ENSCO PLC (NYSE:ESV)
The company continues to benefit from its new asset deliveries, including the recent startups of ENSCO 8506 and ENSCO DS-6. The delivery of the 8506 marks the final delivery in the 8500 series program. The assets from the series that have been in service for more than six months have achieved around 99% revenue efficiency in the last-quarter of 2012 whereas its competitors have been battling with the downtime issues of their new-build.
In 2012, ENSCO PLC (NYSE:ESV) received roughly 60 inquiries for jack-ups and floaters. However, the company could only bid for a quarter of them because of limited rig availability. However, the company has six rigs under construction to meet the future demand. The first one of the three upcoming drill-ships of the company to be delivered in the third quarter of 2013 is already contracted for three years at an average day rate of $648,000/day. And, one of the three upcoming jack-ups, to be delivered in the second-half of 2013, is contracted for the next two years at $230,000/day. The company’s new assets will be able to provide some meaningful upside for a couple of years in the future.
On a different note, the company has increased its annual dividend by about 33% from $1.50 to $2 per share. This increase has resulted in an increase in the total dividend pushing it to roughly 3.4%. With this increase it has also achieved the target to maintain a dividend yield of around 3%. The cash generation capacity and intention of its distribution makes Ensco a promising stock for the future.
Nabors Industries Ltd. (NYSE:NBR)
Year 2013 can be a rough one for Nabors Industries Ltd. (NYSE:NBR). For starters, the first-quarter wasn’t an ideal start for the company. It expects a decline in land rig margin by $1,000/day. Much of the rig margin pressure will be driven by rigs shifting from term contracts to lower spot rates. The company highlighted that 36 rigs shifted during the last-quarter of 2012. The shift of existing rigs to the spot market, coupled with another 174 rigs that are already working on the spot market could lead to lower margins in the first-quarter of 2013 and also the rest of the year.
On the bright side the company is trying to trim down its balance sheet by repaying its debt from the proceeds of sale of its non-core assets. Last year the company repaid debts for about $700 million and wishes to reduce $400 million more this year. This should help stabilize its margins by reducing the interest expense.

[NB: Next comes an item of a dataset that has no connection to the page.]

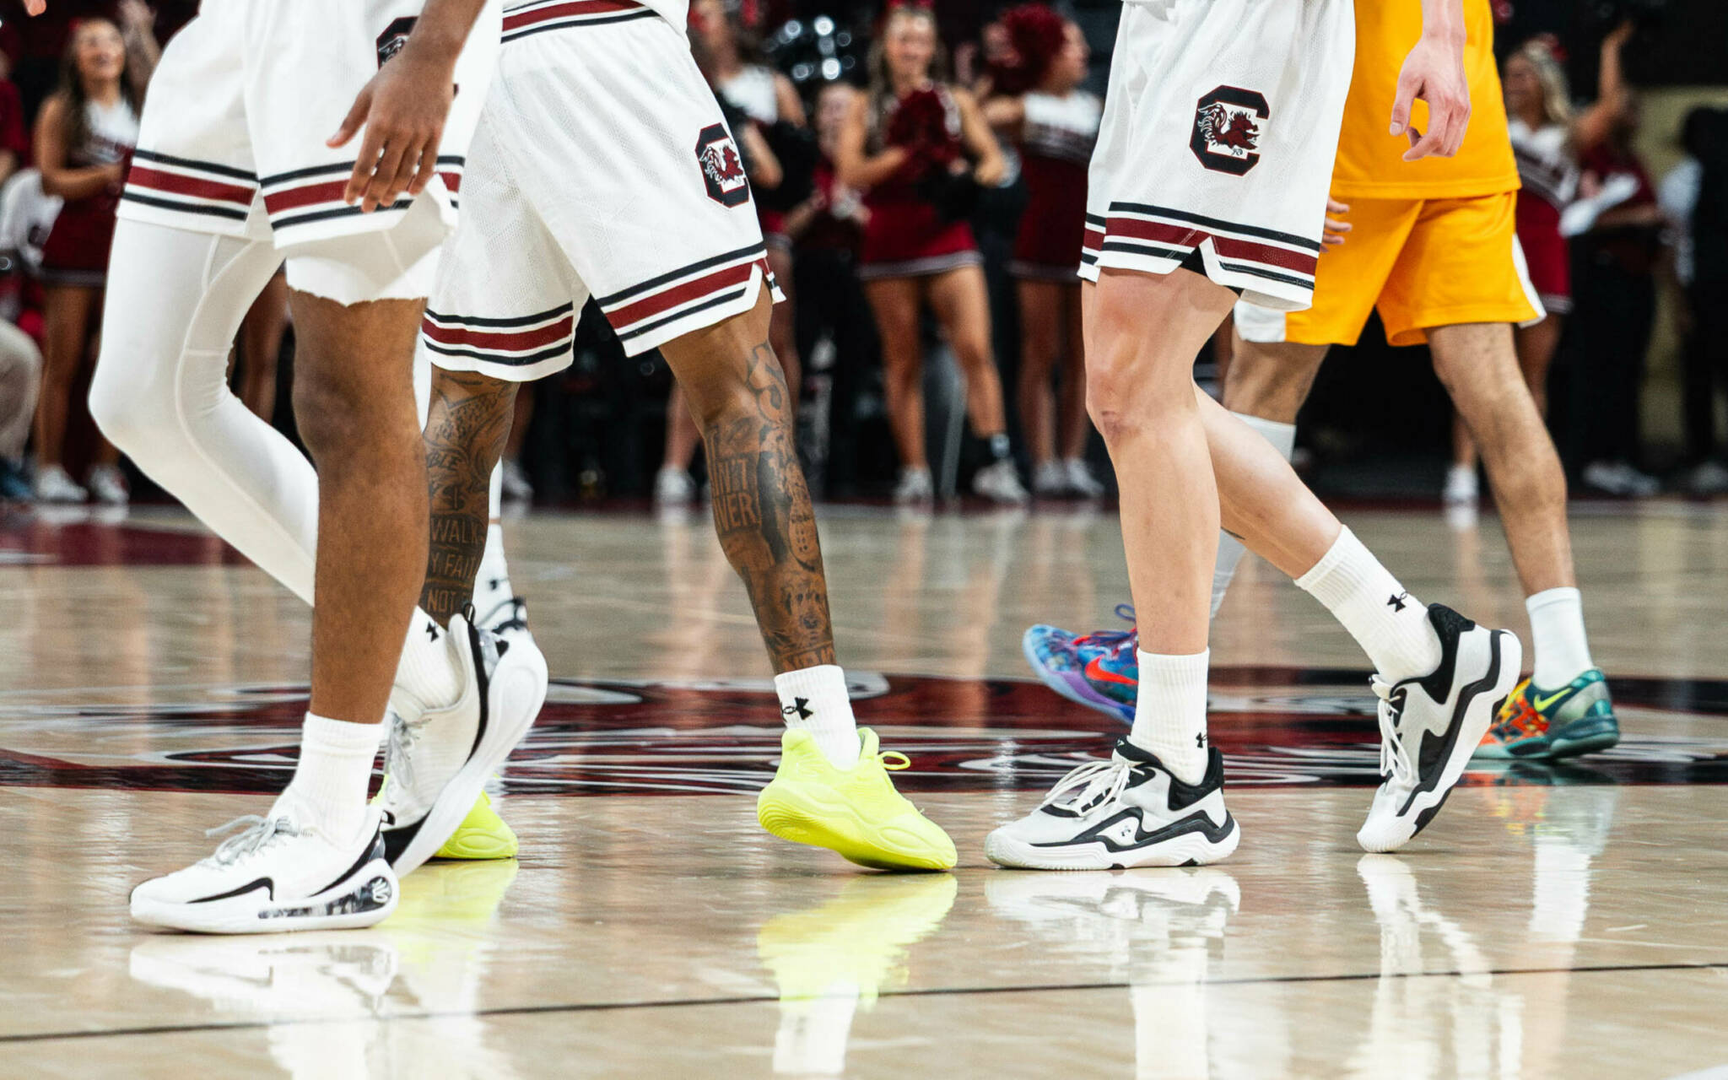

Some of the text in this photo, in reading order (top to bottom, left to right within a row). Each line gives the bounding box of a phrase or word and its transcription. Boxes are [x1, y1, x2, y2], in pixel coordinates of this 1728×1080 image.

Additionally, the company has revised the compensation structure of its CEO. It has removed a number of additional benefits and potential bonuses like eliminating death and disability benefits valued at about $50 million and capping termination payments. The new plan also removes CEO’s uncapped bonus, which resulted in a $17.5 million bonus in 2012. The new plan achieves a good balance of executive incentive and shareholder interests by providing substantial cost savings. Recently the company announced $0.04/share dividend. This initiation makes 2013 the first year in which Nabors has declared quarterly dividend. Its emergence as a dividend payer potentially opens up the stock to income oriented investors.
What’s the take?
Commitment of all the three stocks towards rewarding their investors through quarterly dividends is obvious. But for Nabors the game is new. It could see a rough patch in 2013 because of the exposure of its contracts towards lower spot rates. It is trying to mitigate the low margins by timing down its debts and CEO compensation. I want to wait and see how this works out for the company. I recommend a hold on this stock for now.
The cash requirement of Transocean LTD (NYSE:RIG) is evident from the scheduled debt and penalty payment in the coming year. But solid future sales pipeline and rock-solid long fundamentals strengthen my confidence in this stock. I recommend a buy on this stock.
As for Ensco, the high revenue efficiency of its new-builds and future contracts of its upcoming ones compliment the increase in the annual dividend. I’ll recommend a buy because of its transparent future cash flows and increased dividend yield.